(Beginning of The records)

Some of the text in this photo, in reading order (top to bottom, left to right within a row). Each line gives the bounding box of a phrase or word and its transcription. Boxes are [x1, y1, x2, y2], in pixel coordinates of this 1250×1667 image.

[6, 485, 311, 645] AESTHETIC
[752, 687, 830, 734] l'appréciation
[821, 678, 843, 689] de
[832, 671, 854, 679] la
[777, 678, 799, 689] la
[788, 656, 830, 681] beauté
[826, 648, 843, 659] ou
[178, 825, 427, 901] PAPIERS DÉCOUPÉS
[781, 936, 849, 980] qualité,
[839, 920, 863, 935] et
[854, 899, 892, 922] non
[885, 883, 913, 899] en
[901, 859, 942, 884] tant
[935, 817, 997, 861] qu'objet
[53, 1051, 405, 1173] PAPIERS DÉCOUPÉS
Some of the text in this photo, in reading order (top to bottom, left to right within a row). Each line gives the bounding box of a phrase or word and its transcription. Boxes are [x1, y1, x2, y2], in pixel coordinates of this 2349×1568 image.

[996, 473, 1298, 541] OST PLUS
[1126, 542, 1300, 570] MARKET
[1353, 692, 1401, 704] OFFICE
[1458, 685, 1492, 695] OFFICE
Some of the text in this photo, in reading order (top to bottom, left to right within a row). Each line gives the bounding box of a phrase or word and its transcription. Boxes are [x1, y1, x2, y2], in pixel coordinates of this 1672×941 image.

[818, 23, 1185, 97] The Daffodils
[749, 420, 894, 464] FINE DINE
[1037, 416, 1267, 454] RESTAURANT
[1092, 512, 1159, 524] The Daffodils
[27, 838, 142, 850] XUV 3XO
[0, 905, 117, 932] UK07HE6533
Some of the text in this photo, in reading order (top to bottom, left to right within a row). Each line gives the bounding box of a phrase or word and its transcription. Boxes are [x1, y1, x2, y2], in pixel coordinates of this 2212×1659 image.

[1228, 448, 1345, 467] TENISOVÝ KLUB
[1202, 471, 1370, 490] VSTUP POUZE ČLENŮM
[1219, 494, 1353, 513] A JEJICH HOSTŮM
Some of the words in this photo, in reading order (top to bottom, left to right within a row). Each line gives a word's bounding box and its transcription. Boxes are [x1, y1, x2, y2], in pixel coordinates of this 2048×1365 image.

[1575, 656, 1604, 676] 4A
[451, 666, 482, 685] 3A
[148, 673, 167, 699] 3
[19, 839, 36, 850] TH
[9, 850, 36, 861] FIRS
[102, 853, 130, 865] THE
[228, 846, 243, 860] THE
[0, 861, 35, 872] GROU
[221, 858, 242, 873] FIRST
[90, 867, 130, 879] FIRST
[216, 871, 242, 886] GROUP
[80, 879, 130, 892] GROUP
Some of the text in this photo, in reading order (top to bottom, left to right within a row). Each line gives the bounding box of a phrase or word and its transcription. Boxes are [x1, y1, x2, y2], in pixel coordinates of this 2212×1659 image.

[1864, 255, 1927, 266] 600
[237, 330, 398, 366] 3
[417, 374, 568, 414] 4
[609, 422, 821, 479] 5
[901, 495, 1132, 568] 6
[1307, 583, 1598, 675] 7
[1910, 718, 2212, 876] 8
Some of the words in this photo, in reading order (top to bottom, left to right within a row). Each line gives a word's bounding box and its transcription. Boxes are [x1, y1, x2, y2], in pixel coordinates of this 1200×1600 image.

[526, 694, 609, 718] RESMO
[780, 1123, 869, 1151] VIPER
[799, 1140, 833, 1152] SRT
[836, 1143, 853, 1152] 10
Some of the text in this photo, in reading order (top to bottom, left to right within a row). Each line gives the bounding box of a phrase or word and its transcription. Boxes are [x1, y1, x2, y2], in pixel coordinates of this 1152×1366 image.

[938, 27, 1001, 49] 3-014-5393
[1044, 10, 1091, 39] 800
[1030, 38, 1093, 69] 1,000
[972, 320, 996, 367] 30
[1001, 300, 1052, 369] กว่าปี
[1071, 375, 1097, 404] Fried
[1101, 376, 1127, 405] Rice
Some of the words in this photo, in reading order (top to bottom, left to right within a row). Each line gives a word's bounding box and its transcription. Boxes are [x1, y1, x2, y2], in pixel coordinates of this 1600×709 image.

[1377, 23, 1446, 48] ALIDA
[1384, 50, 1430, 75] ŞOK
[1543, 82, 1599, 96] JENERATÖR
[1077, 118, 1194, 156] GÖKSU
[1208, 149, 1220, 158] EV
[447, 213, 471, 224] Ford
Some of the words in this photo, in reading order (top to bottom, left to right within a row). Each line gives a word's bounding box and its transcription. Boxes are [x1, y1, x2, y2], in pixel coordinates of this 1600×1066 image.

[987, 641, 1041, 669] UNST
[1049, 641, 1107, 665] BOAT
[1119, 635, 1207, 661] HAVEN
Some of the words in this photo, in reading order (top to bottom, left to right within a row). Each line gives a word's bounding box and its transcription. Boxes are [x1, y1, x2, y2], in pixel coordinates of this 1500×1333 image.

(End of The records)

Write each line of the data above out again without altering a word.

Some of the text in this photo, in reading order (top to bottom, left to right within a row). Each line gives the bounding box of a phrase or word and its transcription. Boxes are [x1, y1, x2, y2], in pixel coordinates of this 1250×1667 image.

[6, 485, 311, 645] AESTHETIC
[752, 687, 830, 734] l'appréciation
[821, 678, 843, 689] de
[832, 671, 854, 679] la
[777, 678, 799, 689] la
[788, 656, 830, 681] beauté
[826, 648, 843, 659] ou
[178, 825, 427, 901] PAPIERS DÉCOUPÉS
[781, 936, 849, 980] qualité,
[839, 920, 863, 935] et
[854, 899, 892, 922] non
[885, 883, 913, 899] en
[901, 859, 942, 884] tant
[935, 817, 997, 861] qu'objet
[53, 1051, 405, 1173] PAPIERS DÉCOUPÉS
Some of the text in this photo, in reading order (top to bottom, left to right within a row). Each line gives the bounding box of a phrase or word and its transcription. Boxes are [x1, y1, x2, y2], in pixel coordinates of this 2349×1568 image.

[996, 473, 1298, 541] OST PLUS
[1126, 542, 1300, 570] MARKET
[1353, 692, 1401, 704] OFFICE
[1458, 685, 1492, 695] OFFICE
Some of the text in this photo, in reading order (top to bottom, left to right within a row). Each line gives the bounding box of a phrase or word and its transcription. Boxes are [x1, y1, x2, y2], in pixel coordinates of this 1672×941 image.

[818, 23, 1185, 97] The Daffodils
[749, 420, 894, 464] FINE DINE
[1037, 416, 1267, 454] RESTAURANT
[1092, 512, 1159, 524] The Daffodils
[27, 838, 142, 850] XUV 3XO
[0, 905, 117, 932] UK07HE6533
Some of the text in this photo, in reading order (top to bottom, left to right within a row). Each line gives the bounding box of a phrase or word and its transcription. Boxes are [x1, y1, x2, y2], in pixel coordinates of this 2212×1659 image.

[1228, 448, 1345, 467] TENISOVÝ KLUB
[1202, 471, 1370, 490] VSTUP POUZE ČLENŮM
[1219, 494, 1353, 513] A JEJICH HOSTŮM
Some of the words in this photo, in reading order (top to bottom, left to right within a row). Each line gives a word's bounding box and its transcription. Boxes are [x1, y1, x2, y2], in pixel coordinates of this 2048×1365 image.

[1575, 656, 1604, 676] 4A
[451, 666, 482, 685] 3A
[148, 673, 167, 699] 3
[19, 839, 36, 850] TH
[9, 850, 36, 861] FIRS
[102, 853, 130, 865] THE
[228, 846, 243, 860] THE
[0, 861, 35, 872] GROU
[221, 858, 242, 873] FIRST
[90, 867, 130, 879] FIRST
[216, 871, 242, 886] GROUP
[80, 879, 130, 892] GROUP
Some of the text in this photo, in reading order (top to bottom, left to right within a row). Each line gives the bounding box of a phrase or word and its transcription. Boxes are [x1, y1, x2, y2], in pixel coordinates of this 2212×1659 image.

[1864, 255, 1927, 266] 600
[237, 330, 398, 366] 3
[417, 374, 568, 414] 4
[609, 422, 821, 479] 5
[901, 495, 1132, 568] 6
[1307, 583, 1598, 675] 7
[1910, 718, 2212, 876] 8
Some of the words in this photo, in reading order (top to bottom, left to right within a row). Each line gives a word's bounding box and its transcription. Boxes are [x1, y1, x2, y2], in pixel coordinates of this 1200×1600 image.

[526, 694, 609, 718] RESMO
[780, 1123, 869, 1151] VIPER
[799, 1140, 833, 1152] SRT
[836, 1143, 853, 1152] 10
Some of the text in this photo, in reading order (top to bottom, left to right within a row). Each line gives the bounding box of a phrase or word and its transcription. Boxes are [x1, y1, x2, y2], in pixel coordinates of this 1152×1366 image.

[938, 27, 1001, 49] 3-014-5393
[1044, 10, 1091, 39] 800
[1030, 38, 1093, 69] 1,000
[972, 320, 996, 367] 30
[1001, 300, 1052, 369] กว่าปี
[1071, 375, 1097, 404] Fried
[1101, 376, 1127, 405] Rice
Some of the words in this photo, in reading order (top to bottom, left to right within a row). Each line gives a word's bounding box and its transcription. Boxes are [x1, y1, x2, y2], in pixel coordinates of this 1600×709 image.

[1377, 23, 1446, 48] ALIDA
[1384, 50, 1430, 75] ŞOK
[1543, 82, 1599, 96] JENERATÖR
[1077, 118, 1194, 156] GÖKSU
[1208, 149, 1220, 158] EV
[447, 213, 471, 224] Ford
Some of the words in this photo, in reading order (top to bottom, left to right within a row). Each line gives a word's bounding box and its transcription. Boxes are [x1, y1, x2, y2], in pixel coordinates of this 1600×1066 image.

[987, 641, 1041, 669] UNST
[1049, 641, 1107, 665] BOAT
[1119, 635, 1207, 661] HAVEN
Some of the words in this photo, in reading order (top to bottom, left to right within a row). Each line gives a word's bounding box and its transcription. Boxes are [x1, y1, x2, y2], in pixel coordinates of this 1500×1333 image.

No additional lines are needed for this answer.